Figure 2.

The effects of 1α,25(OH)₂D on calcium and phosphorus homeostasis. 1α,25(OH)₂D is produced by the kidney under the control of PTH by the parathyroid glands. PTH stimulates its production and 1α,25(OH)₂D in turn inhibits the synthesis and secretion of PTH. 1α,25(OH)₂D can also decrease its own synthesis through negative feedback. 1α,25(OH)₂D enhances intestinal calcium and phosphorus absorption in the small intestine and calcium reabsorption in the kidney. 1α,25(OH)₂D regulates bone formation and resorption by stimulation of preosteoblast proliferation and differentiation into osteoblasts. 1α,25(OH)₂D also stimulates the expression of RANKL by osteoblasts, which stimulates the differentiation and subsequent activation of preosteoclasts into mature osteoclasts, the bone-forming cells which release calcium (Ca²⁺) and inorganic phosphorus (Pi) from the bone to maintain calcium and phosphorus levels in the blood.
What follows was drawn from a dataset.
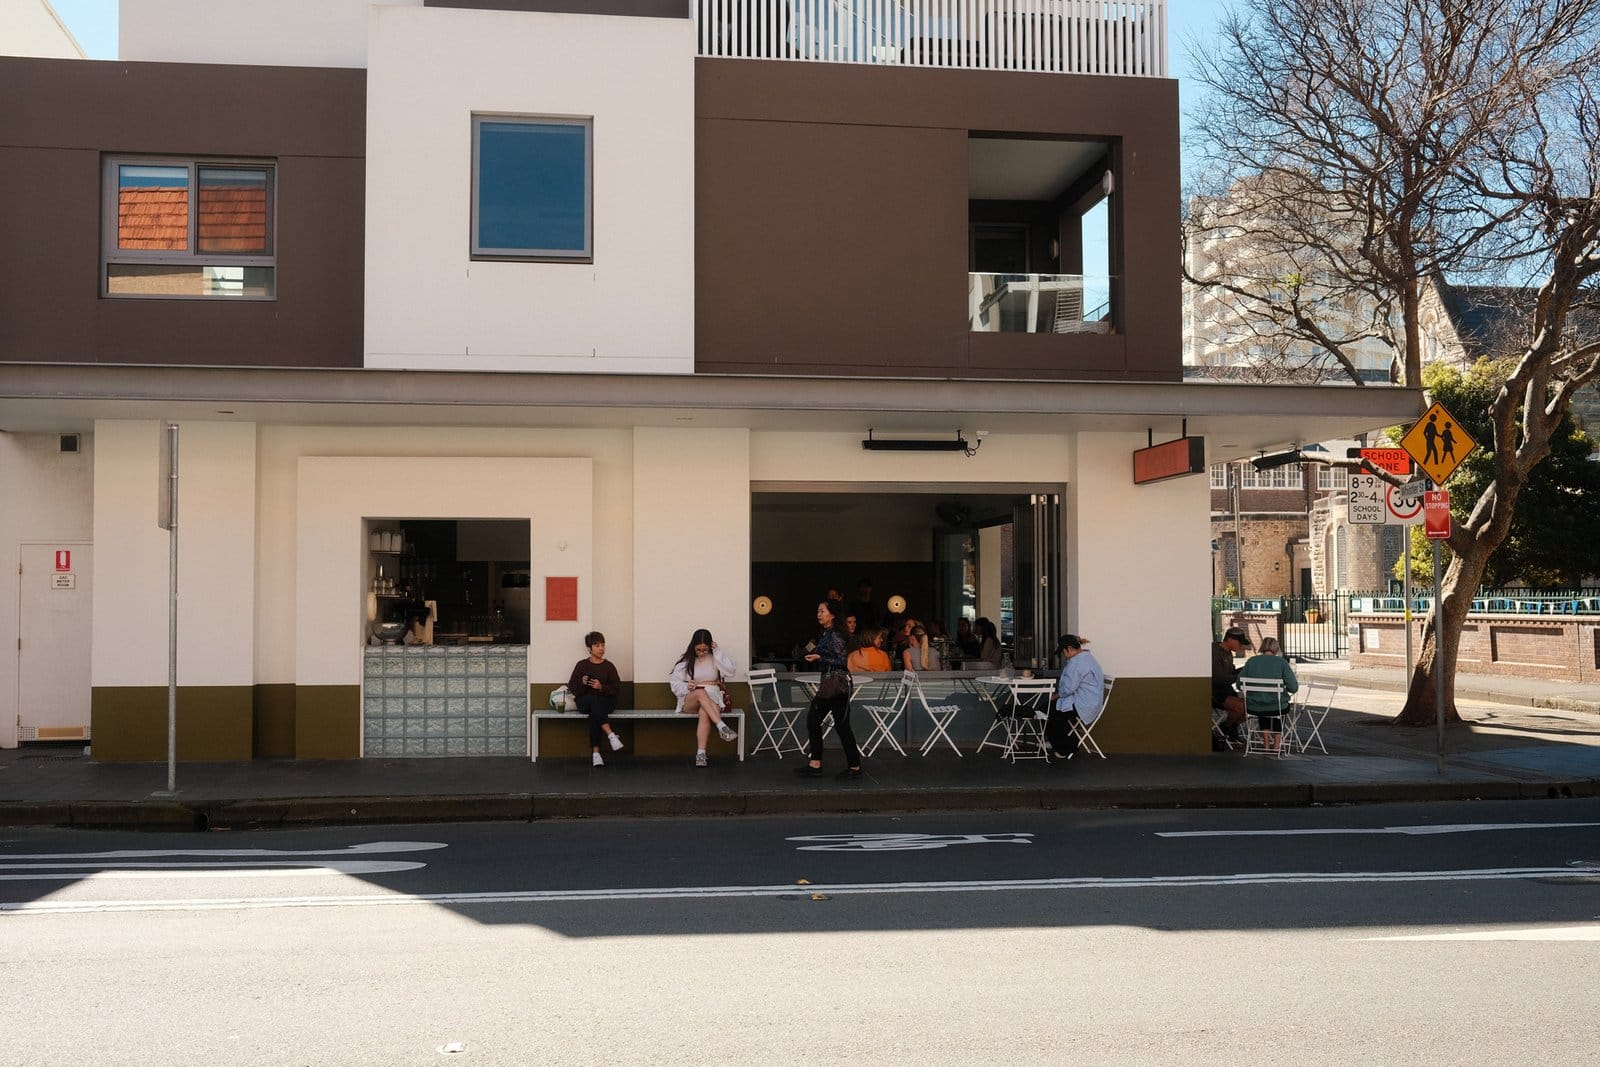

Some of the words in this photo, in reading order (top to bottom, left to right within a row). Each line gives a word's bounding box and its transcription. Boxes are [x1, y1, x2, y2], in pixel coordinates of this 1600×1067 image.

Adequate calcium and phosphorus levels promote the mineralization of the skeleton. 1α,25(OH)₂D stimulates the expression of the renal 24-hydroxylase (24-OHase) to catabolize 1α,25(OH)₂D to the water-soluble, biologically inactive calcitroic acid, which is excreted in the bile. Other factors, such as serum phosphorus, calcium, and fibroblast growth factor 23 can either increase or decrease the renal production of 1α,25(OH)₂D.